La gestione delle due grandi crisi europee, quella dell’euro e quella dei migranti, hanno visto nella cancelliera tedesca Angela Merkel una grande protagonista; ma le soluzioni che si sono fatte strada hanno acuito le divisioni in seno all’Unione Europea. E’ questa, in sintesi, la tesi di un editoriale della testata americana Politico, nel qual si sostiene che Merkel abbia “spinto più che mai il continente più vicino al limite”. E questo, nonostante il fatto che adesso tutti i commentatori (tedeschi e non) vedano in lei la figura chiave per salvare l’integrità dell’Ue.
“Angela Merkel si è destreggiata in questa situazione”, ha detto Timo Lochocki, del think-tank German Marshall Fund, “le sue azioni nella zona euro e sulle le crisi dei rifugiati hanno irritato molti alleati europei di cui ora ha bisogno.
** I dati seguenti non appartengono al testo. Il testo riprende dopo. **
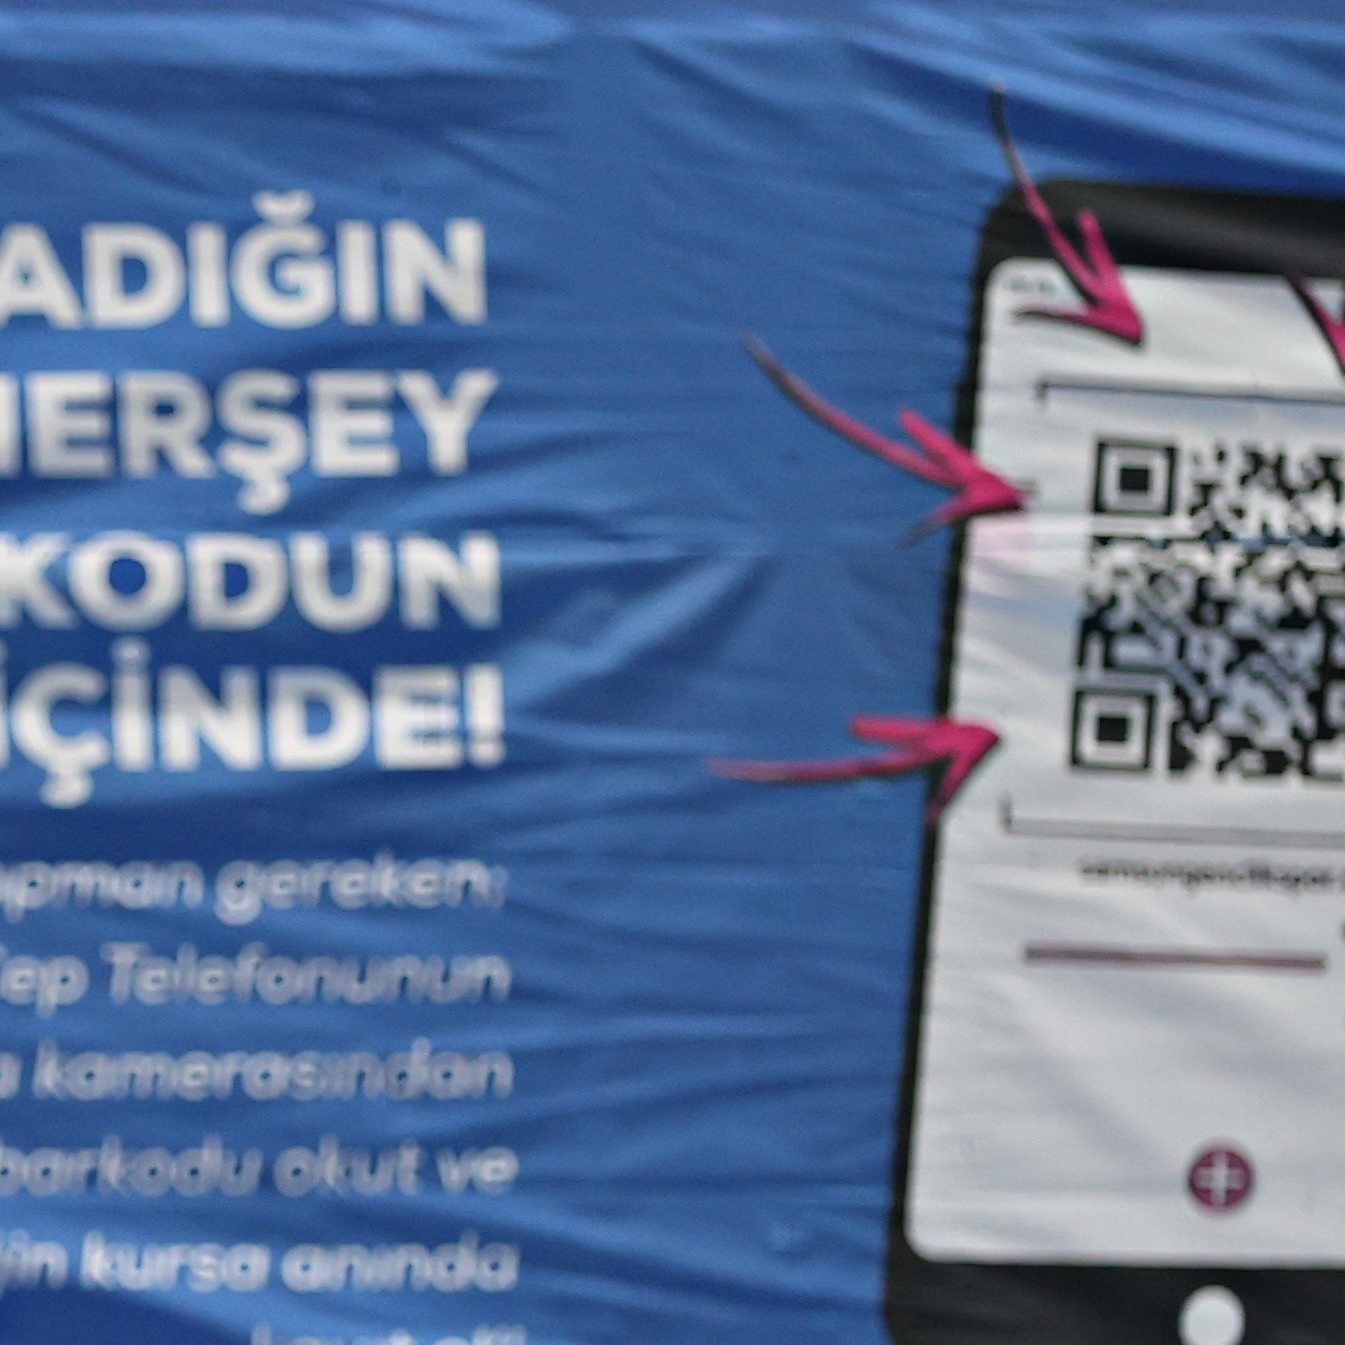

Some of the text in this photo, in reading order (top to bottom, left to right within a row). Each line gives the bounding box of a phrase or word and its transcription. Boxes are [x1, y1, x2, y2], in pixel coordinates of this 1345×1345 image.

E il conflitto irrisolto sui migranti ha alienato l’ala conservatrice del suo stesso partito, in primis la Csu”.
Sulla questione della crisi dell’euro “l’insistenza di Berlino”, scrive Politico, ha imposto a Grecia e Italia “una dura austerità alle loro popolazioni – quali che siano i meriti a lungo termine di tali politiche – e ha esacerbato il divario economico all’interno dell’Eurozona e aumentato il risentimento della potenza economica tedesca”.
Il fronte migratorio, invece, ha visto uno snodo fondamentale nella politica tedesca delle porte aperte del 2015 la quale avrebbe avuto influenza anche altrove: “Durante la campagna referendaria britannica sull’Ue nel 2016, gli attivisti della Brexit hanno usato immagini di rifugiati in Germania come esempio di tutto ciò che era andato storto in Europa”. Più in generale, nota Politico, “mentre la Germania lottava per far fronte all’afflusso di migranti, Merkel, che ha goduto a lungo di un sostegno universale, è diventata una figura polarizzante nel Paese”. Arrivati a questo punto, il compito di correggere il tiro, con le elezioni europee che incombono il prossimo anno, ha poco tempo a disposizione, mentre cresce in Europa una rinnovata esigenza di primazie nazionali.